WHAT IS REQUIRED = Reproduce the entire listing exactly as written, apart from its pictures.

============================================================

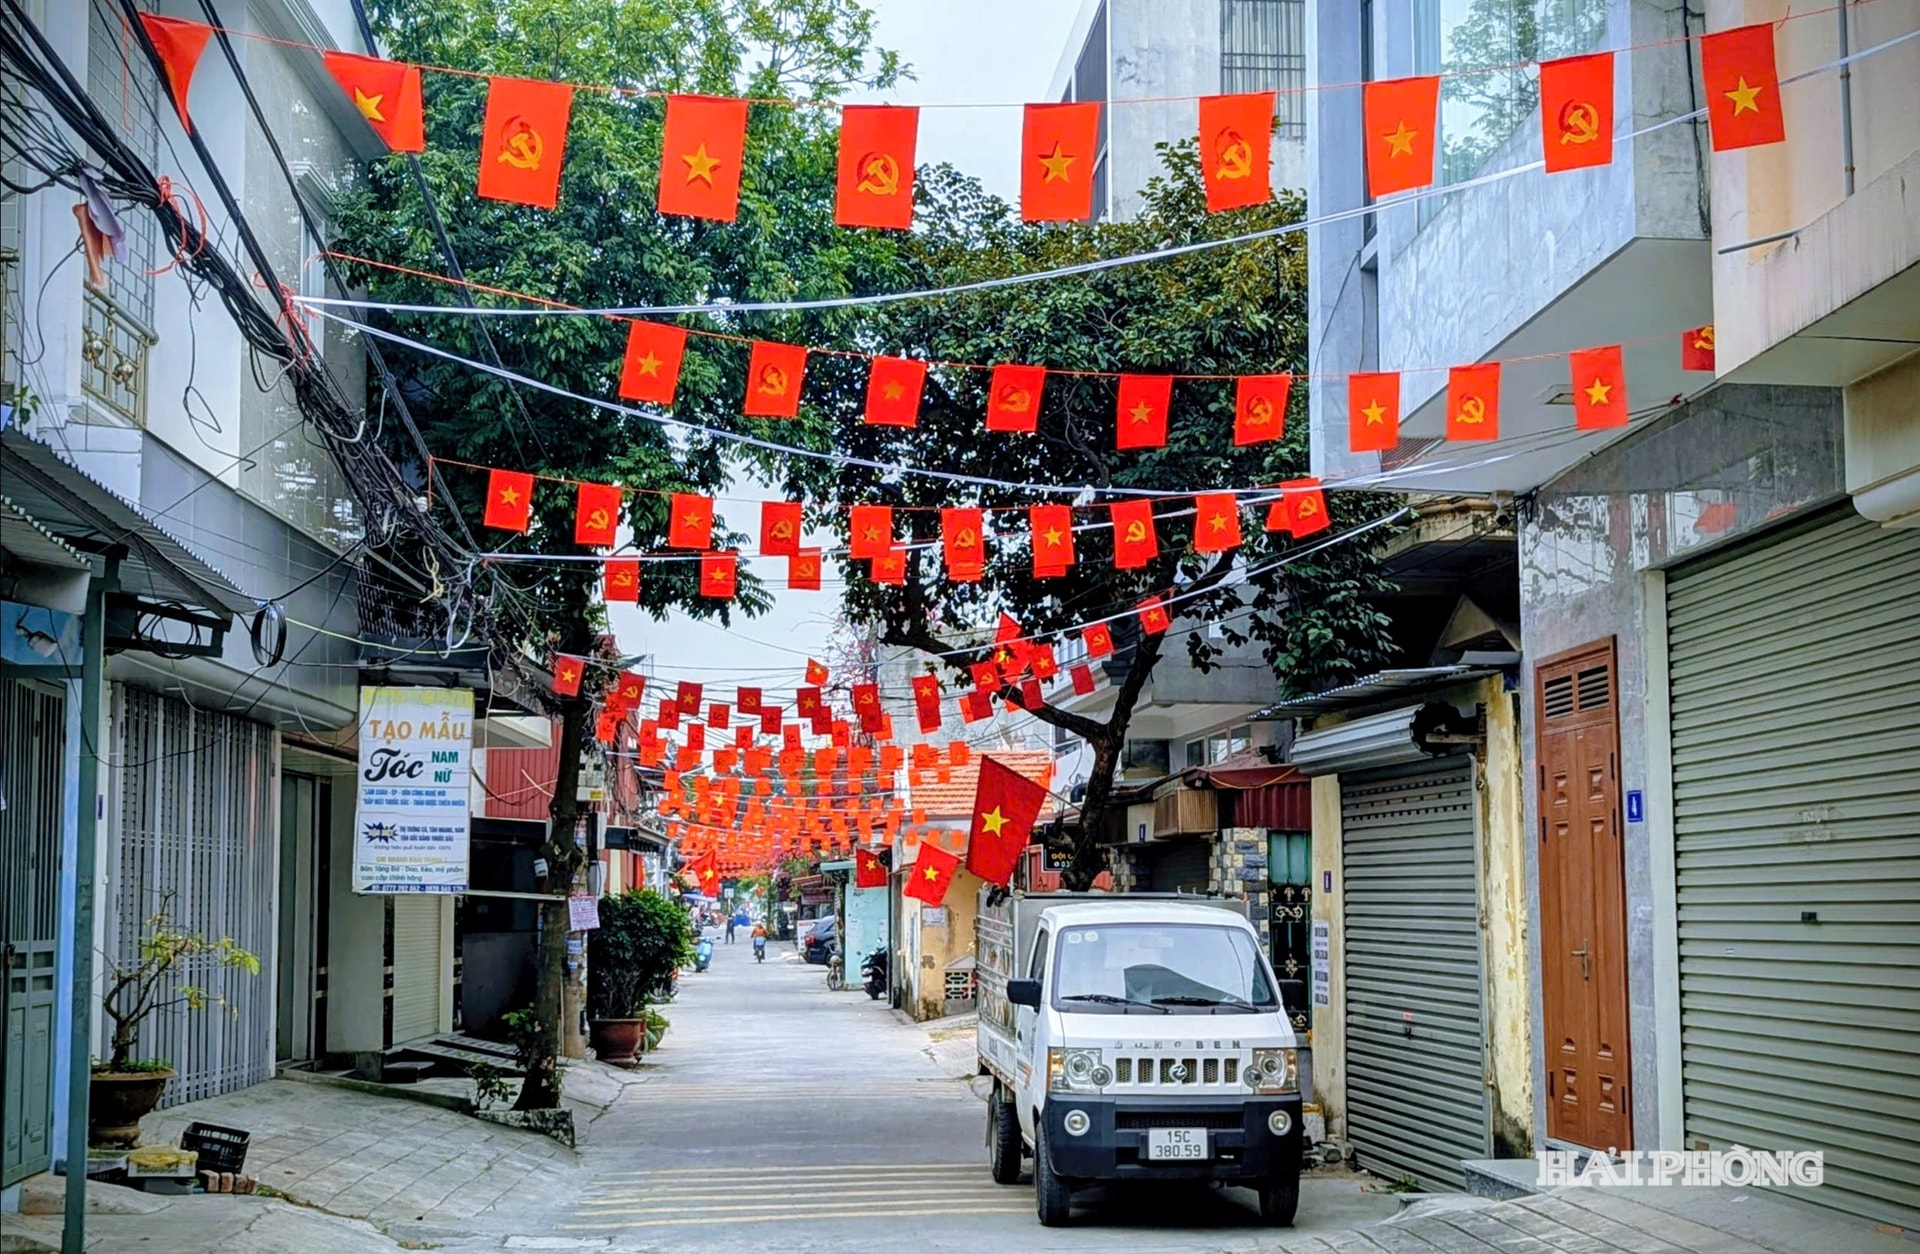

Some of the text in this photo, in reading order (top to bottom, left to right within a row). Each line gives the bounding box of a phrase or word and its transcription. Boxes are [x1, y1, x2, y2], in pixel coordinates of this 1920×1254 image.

[369, 711, 466, 745] TẠO MẪU
[431, 751, 459, 763] NAM
[364, 748, 424, 782] Tóc
[434, 768, 452, 783] NỮ
[1167, 1130, 1191, 1143] 15C
[1155, 1144, 1201, 1157] 380.59

============================================================

SOLUTION TO THE PROBLEM =
Some of the text in this photo, in reading order (top to bottom, left to right within a row). Each line gives the bounding box of a phrase or word and its transcription. Boxes are [x1, y1, x2, y2], in pixel coordinates of this 1920×1254 image.

[369, 711, 466, 745] TẠO MẪU
[431, 751, 459, 763] NAM
[364, 748, 424, 782] Tóc
[434, 768, 452, 783] NỮ
[1167, 1130, 1191, 1143] 15C
[1155, 1144, 1201, 1157] 380.59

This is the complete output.